*** Begin section ***

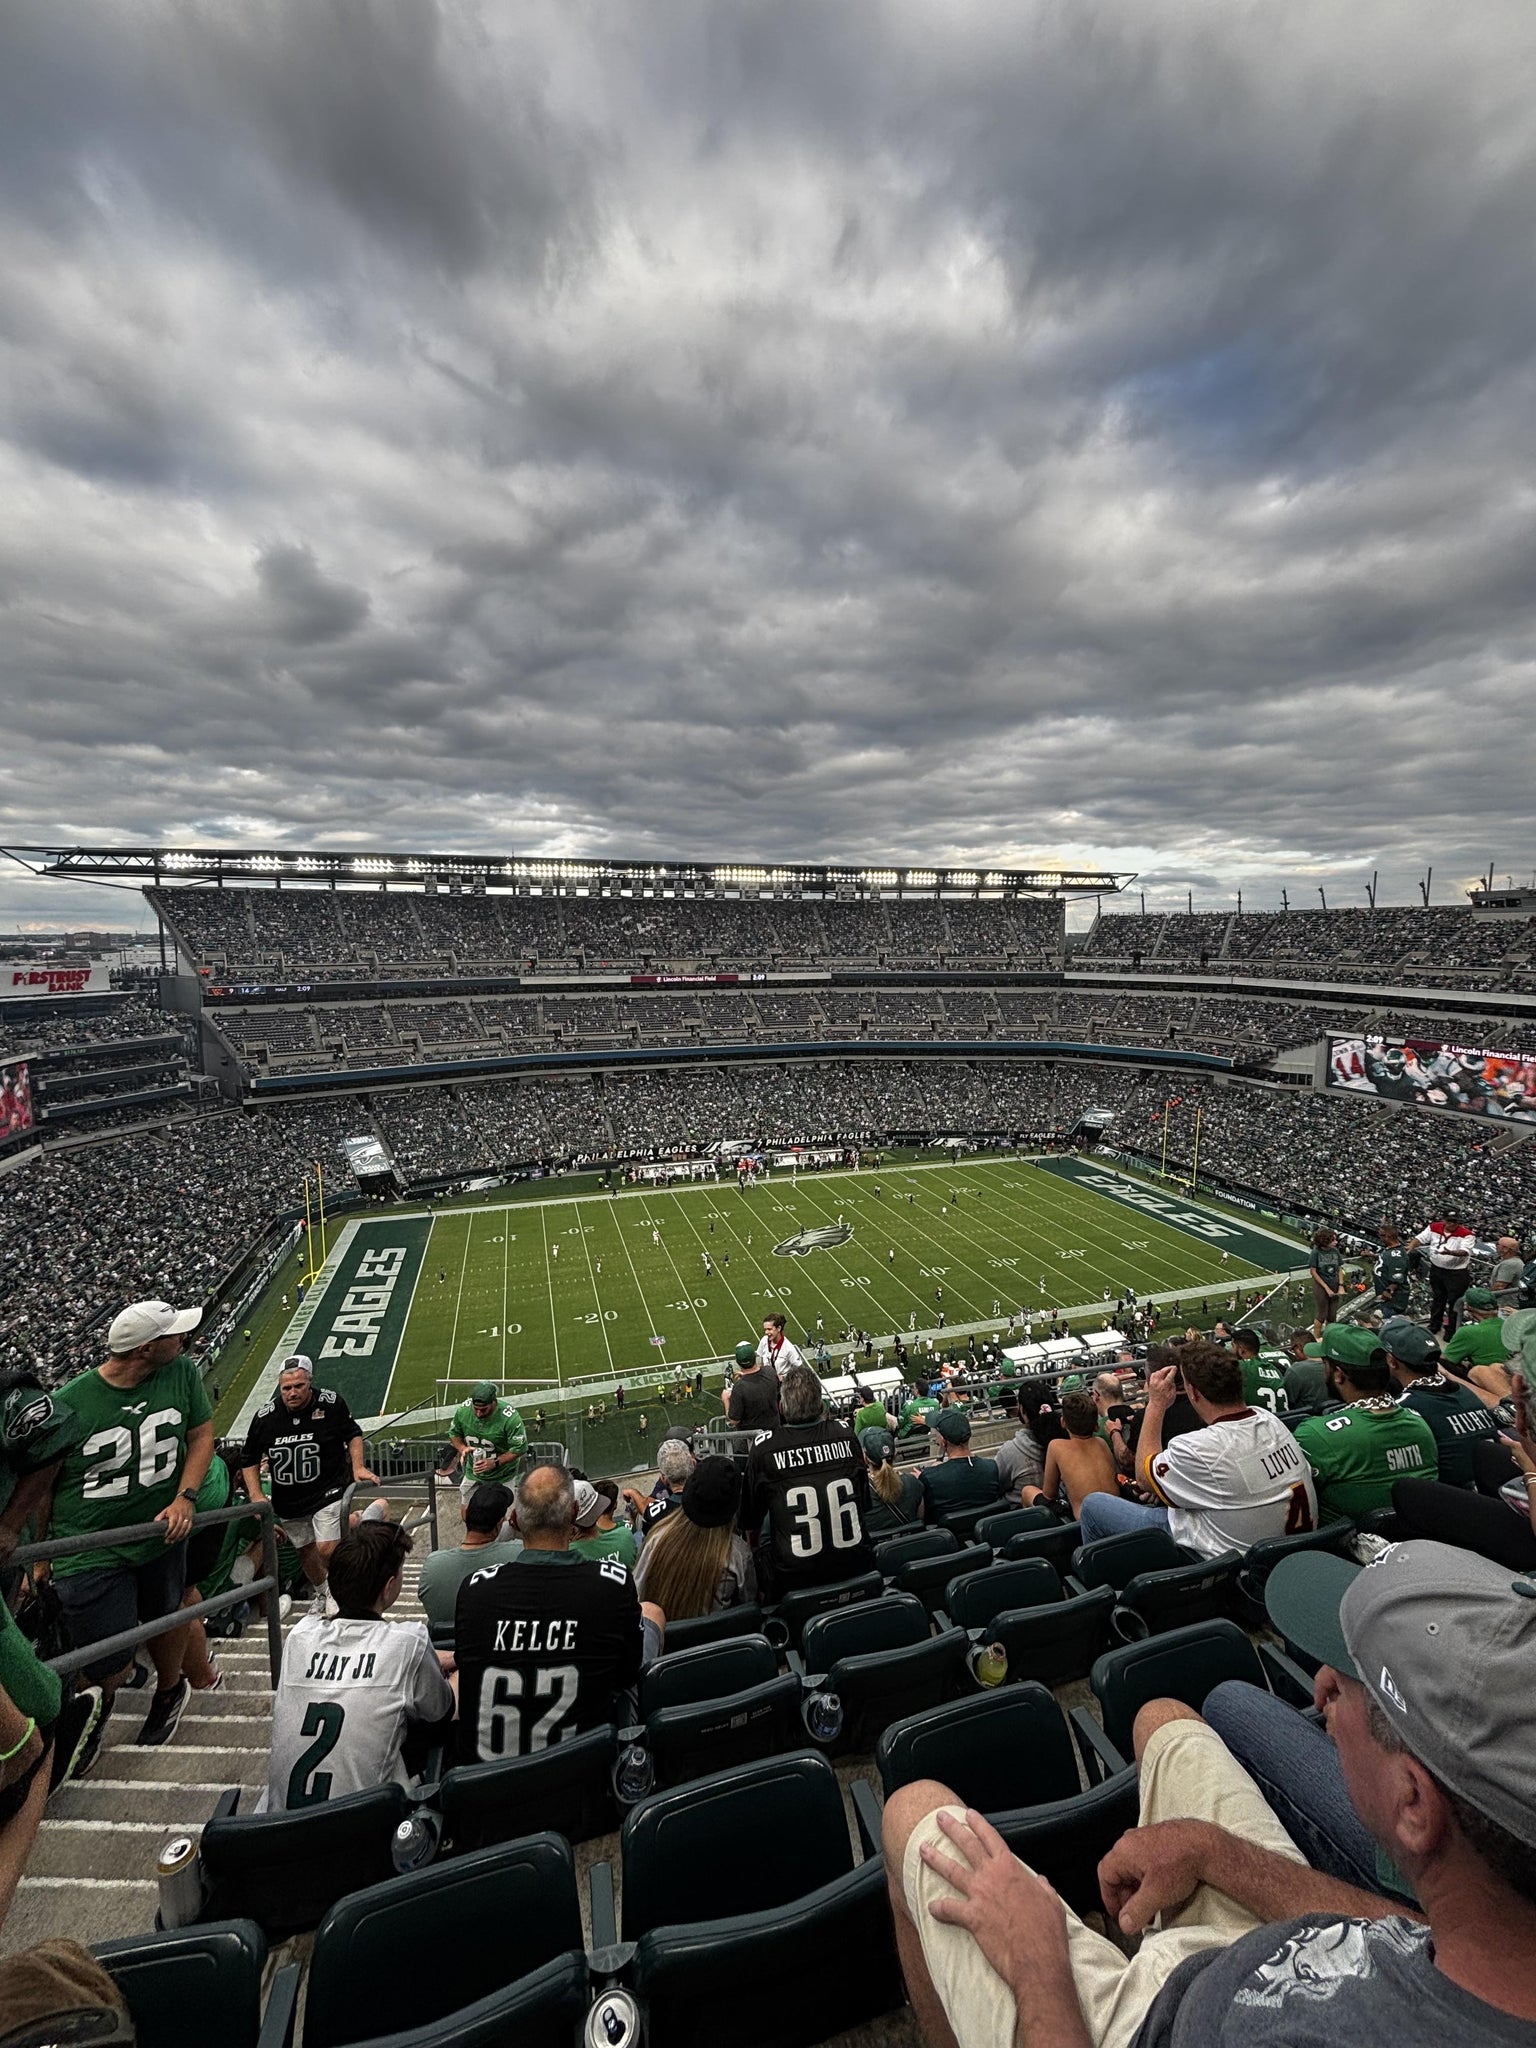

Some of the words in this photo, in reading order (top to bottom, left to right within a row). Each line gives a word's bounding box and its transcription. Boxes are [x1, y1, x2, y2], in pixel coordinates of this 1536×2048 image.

[48, 982, 84, 992] BANK
[1366, 1034, 1384, 1043] 2:09
[1451, 1045, 1481, 1056] Lincoln
[1481, 1049, 1521, 1061] Financial
[766, 1136, 833, 1146] PHILADELPHIA
[836, 1131, 871, 1141] EAGLES
[658, 1144, 698, 1155] EAGLES
[1074, 1174, 1244, 1237] EAGLES
[1214, 1189, 1256, 1210] FOUNDATION
[707, 1211, 732, 1219] 40
[772, 1204, 797, 1213] 50
[640, 1218, 666, 1227] 30
[568, 1225, 595, 1236] 20
[492, 1234, 518, 1243] 10
[1055, 1248, 1085, 1259] 20
[987, 1257, 1017, 1269] 30
[919, 1265, 947, 1278] 40
[840, 1276, 872, 1288] 50
[763, 1286, 792, 1299] 40
[318, 1247, 408, 1360] EAGLES
[675, 1297, 708, 1311] 30
[288, 1304, 315, 1334] TAKES
[584, 1310, 618, 1324] 20
[489, 1323, 522, 1337] 10
[280, 1337, 298, 1347] IT
[502, 1405, 516, 1418] 62
[275, 1432, 315, 1446] EAGLES
[82, 1407, 182, 1499] 26
[773, 1440, 854, 1470] WESTBROOK
[1386, 1444, 1423, 1471] SMITH
[268, 1443, 321, 1485] 26
[1260, 1443, 1300, 1480] LUVU
[1284, 1480, 1314, 1536] 4
[786, 1477, 862, 1558] 36
[493, 1619, 578, 1652] KELCE
[305, 1651, 351, 1681] SLAY
[352, 1652, 376, 1680] JR
[477, 1664, 580, 1762] 62
[286, 1701, 345, 1811] 2
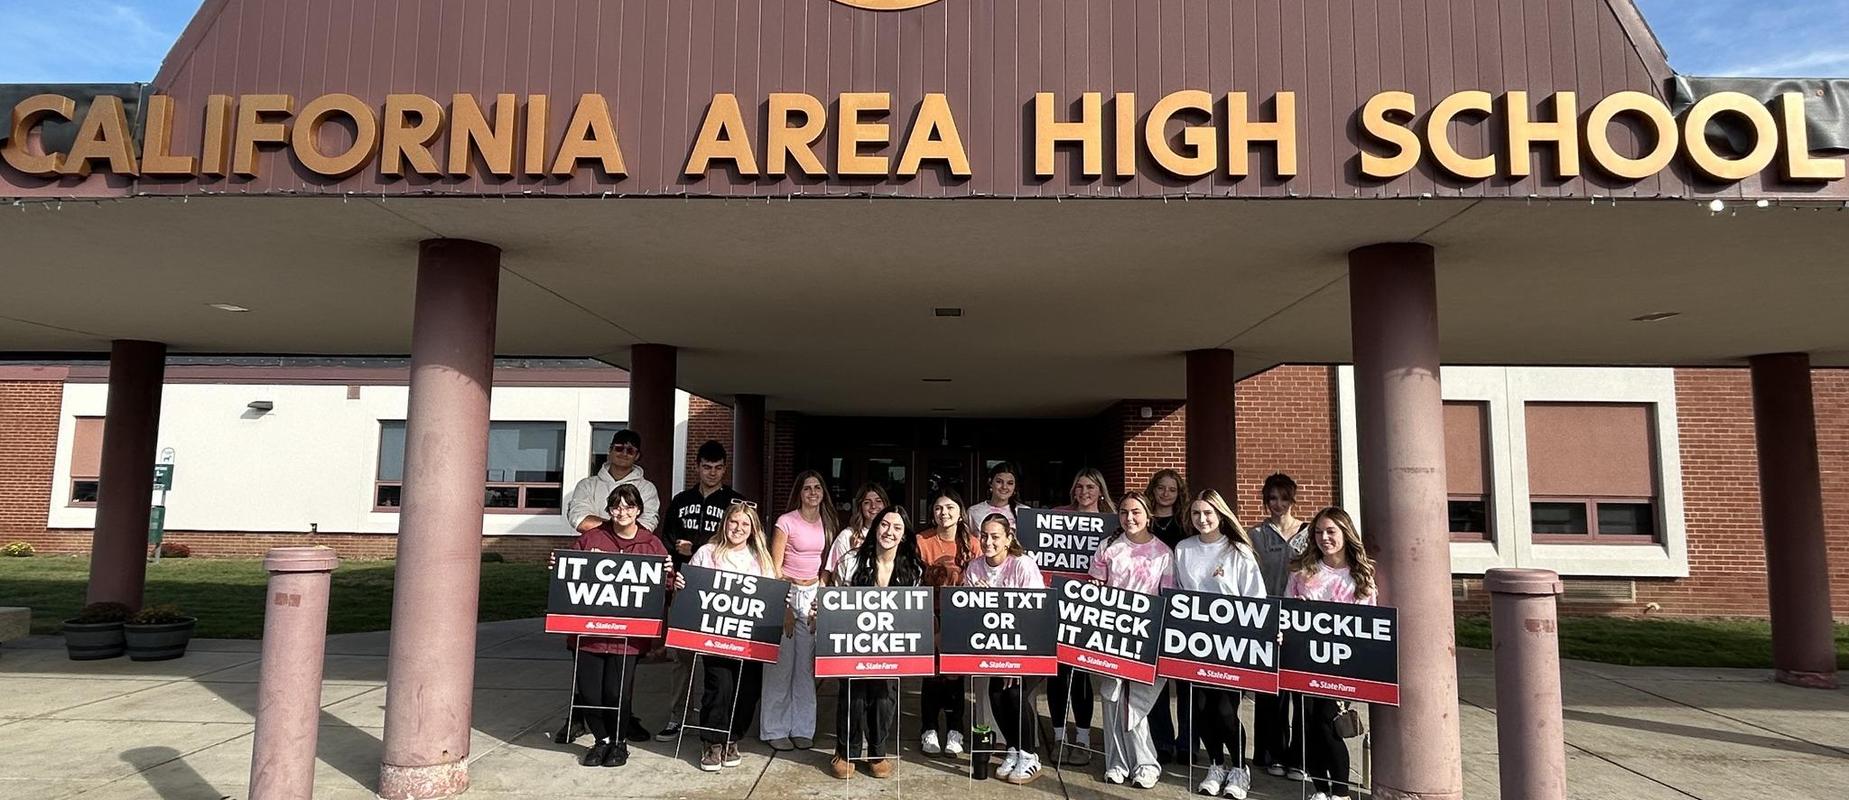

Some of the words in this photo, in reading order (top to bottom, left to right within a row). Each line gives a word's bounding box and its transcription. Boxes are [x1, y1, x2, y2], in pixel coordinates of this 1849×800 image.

[0, 93, 628, 178] CALIFORNIA
[684, 92, 972, 180] AREA
[1035, 89, 1297, 178] HIGH
[1359, 90, 1846, 182] SCHOOL
[706, 505, 724, 519] GIN
[1036, 513, 1104, 533] NEVER
[1039, 532, 1100, 551] DRIVE
[557, 557, 588, 580] IT
[595, 559, 662, 585] CAN
[1024, 550, 1095, 570] MPAIR
[567, 582, 650, 608] WAIT
[698, 590, 766, 619] YOUR
[822, 590, 898, 611] CLICK
[905, 590, 928, 610] IT
[951, 590, 999, 609] ONE
[1004, 592, 1047, 609] TXT
[1063, 579, 1150, 614] COULD
[856, 611, 895, 632] OR
[983, 612, 1015, 630] OR
[1058, 600, 1152, 639] WRECK
[1169, 593, 1271, 629] SLOW
[700, 614, 754, 639] LIFE
[1279, 608, 1392, 642] BUCKLE
[829, 632, 922, 654] TICKET
[970, 632, 1028, 651] CALL
[1057, 623, 1082, 645] IT
[1085, 630, 1143, 660] ALL!
[1164, 628, 1273, 668] DOWN
[1309, 639, 1352, 666] UP
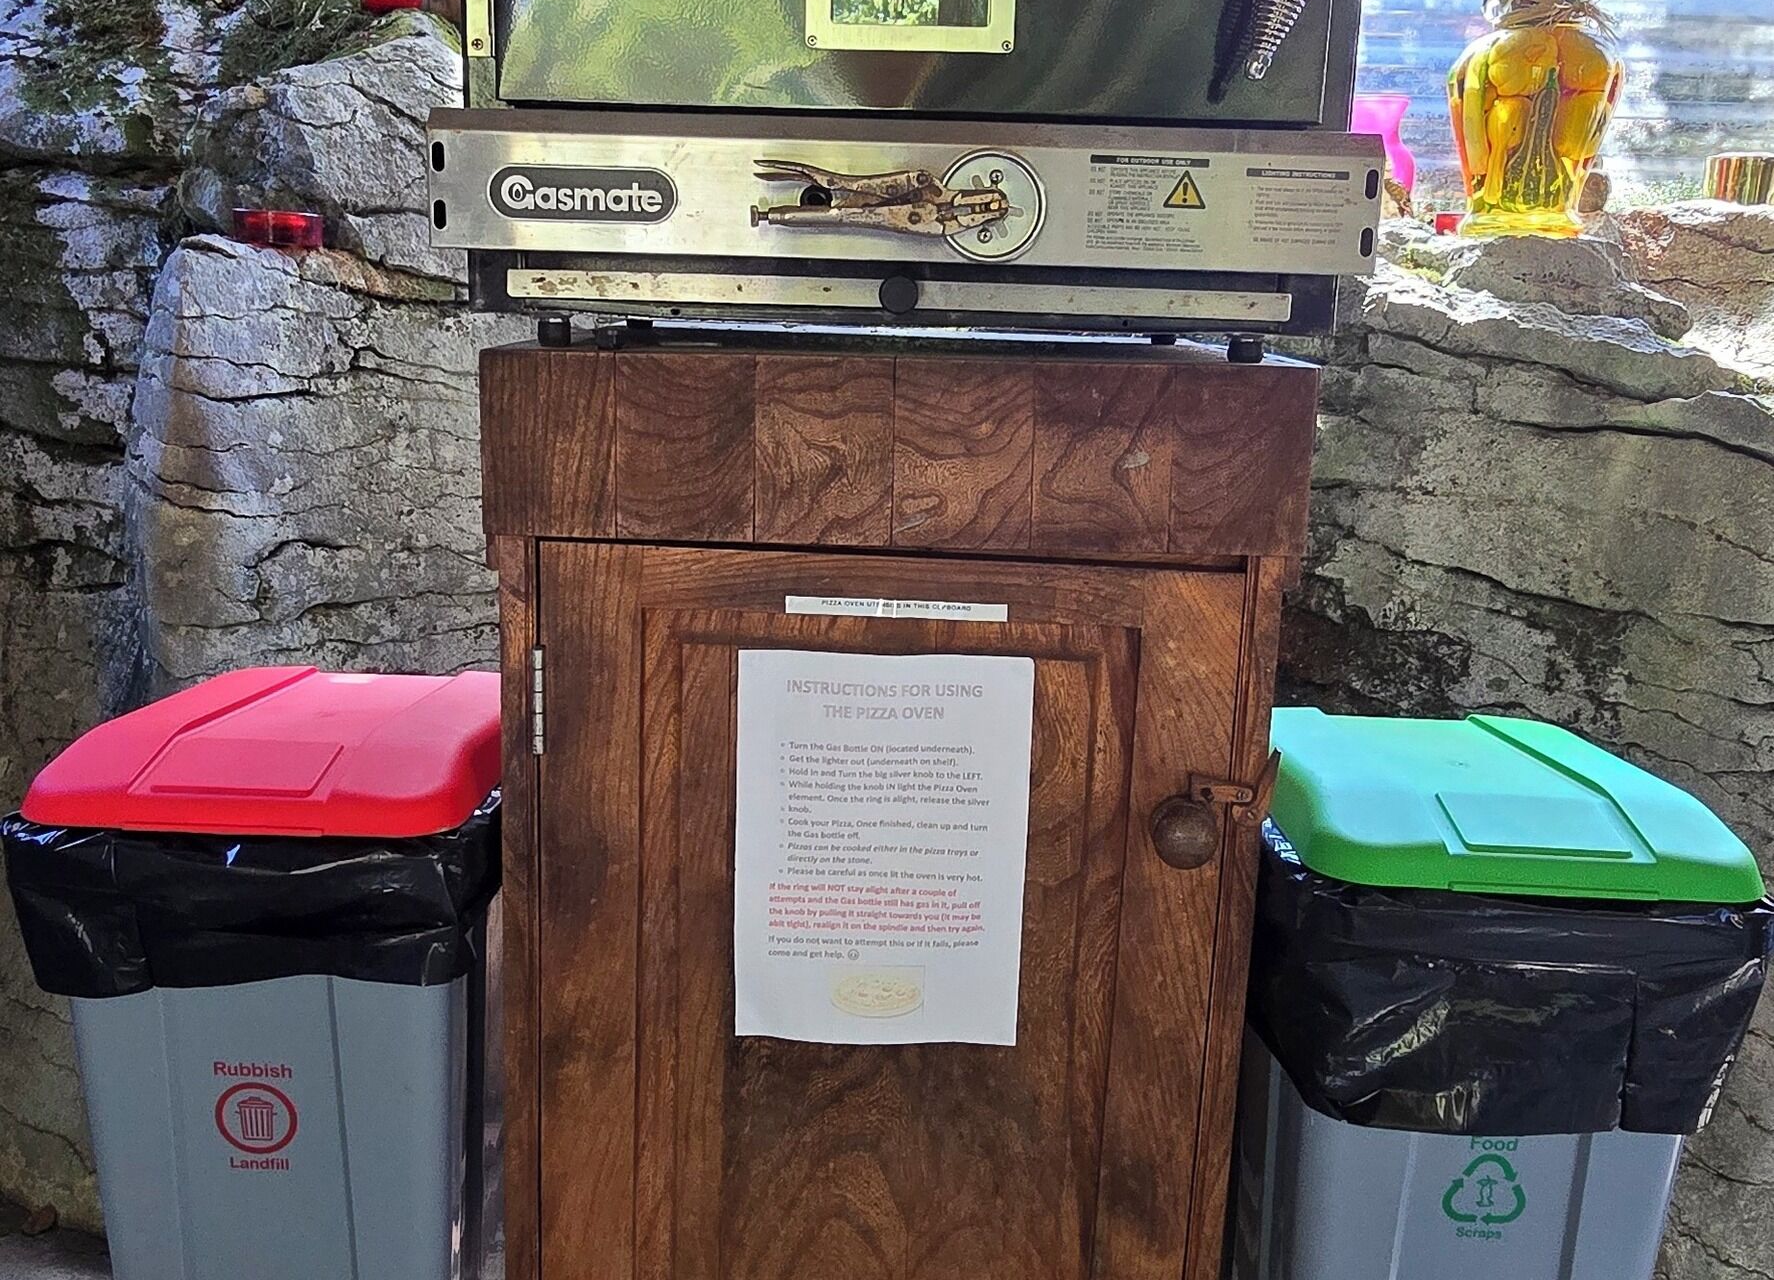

*** End section ***

*Goal of the exercise*. What is needed is an exact reprint of every entry, pictures excluded.

*Exercise output*.
Some of the words in this photo, in reading order (top to bottom, left to right within a row). Each line gives a word's bounding box and its transcription. Boxes are [x1, y1, x2, y2], in pixel coordinates of this 1536×2048 image.

[48, 982, 84, 992] BANK
[1366, 1034, 1384, 1043] 2:09
[1451, 1045, 1481, 1056] Lincoln
[1481, 1049, 1521, 1061] Financial
[766, 1136, 833, 1146] PHILADELPHIA
[836, 1131, 871, 1141] EAGLES
[658, 1144, 698, 1155] EAGLES
[1074, 1174, 1244, 1237] EAGLES
[1214, 1189, 1256, 1210] FOUNDATION
[707, 1211, 732, 1219] 40
[772, 1204, 797, 1213] 50
[640, 1218, 666, 1227] 30
[568, 1225, 595, 1236] 20
[492, 1234, 518, 1243] 10
[1055, 1248, 1085, 1259] 20
[987, 1257, 1017, 1269] 30
[919, 1265, 947, 1278] 40
[840, 1276, 872, 1288] 50
[763, 1286, 792, 1299] 40
[318, 1247, 408, 1360] EAGLES
[675, 1297, 708, 1311] 30
[288, 1304, 315, 1334] TAKES
[584, 1310, 618, 1324] 20
[489, 1323, 522, 1337] 10
[280, 1337, 298, 1347] IT
[502, 1405, 516, 1418] 62
[275, 1432, 315, 1446] EAGLES
[82, 1407, 182, 1499] 26
[773, 1440, 854, 1470] WESTBROOK
[1386, 1444, 1423, 1471] SMITH
[268, 1443, 321, 1485] 26
[1260, 1443, 1300, 1480] LUVU
[1284, 1480, 1314, 1536] 4
[786, 1477, 862, 1558] 36
[493, 1619, 578, 1652] KELCE
[305, 1651, 351, 1681] SLAY
[352, 1652, 376, 1680] JR
[477, 1664, 580, 1762] 62
[286, 1701, 345, 1811] 2

Some of the words in this photo, in reading order (top to bottom, left to right within a row). Each line gives a word's bounding box and its transcription. Boxes are [x1, y1, x2, y2], in pixel coordinates of this 1849×800 image.

[0, 93, 628, 178] CALIFORNIA
[684, 92, 972, 180] AREA
[1035, 89, 1297, 178] HIGH
[1359, 90, 1846, 182] SCHOOL
[706, 505, 724, 519] GIN
[1036, 513, 1104, 533] NEVER
[1039, 532, 1100, 551] DRIVE
[557, 557, 588, 580] IT
[595, 559, 662, 585] CAN
[1024, 550, 1095, 570] MPAIR
[567, 582, 650, 608] WAIT
[698, 590, 766, 619] YOUR
[822, 590, 898, 611] CLICK
[905, 590, 928, 610] IT
[951, 590, 999, 609] ONE
[1004, 592, 1047, 609] TXT
[1063, 579, 1150, 614] COULD
[856, 611, 895, 632] OR
[983, 612, 1015, 630] OR
[1058, 600, 1152, 639] WRECK
[1169, 593, 1271, 629] SLOW
[700, 614, 754, 639] LIFE
[1279, 608, 1392, 642] BUCKLE
[829, 632, 922, 654] TICKET
[970, 632, 1028, 651] CALL
[1057, 623, 1082, 645] IT
[1085, 630, 1143, 660] ALL!
[1164, 628, 1273, 668] DOWN
[1309, 639, 1352, 666] UP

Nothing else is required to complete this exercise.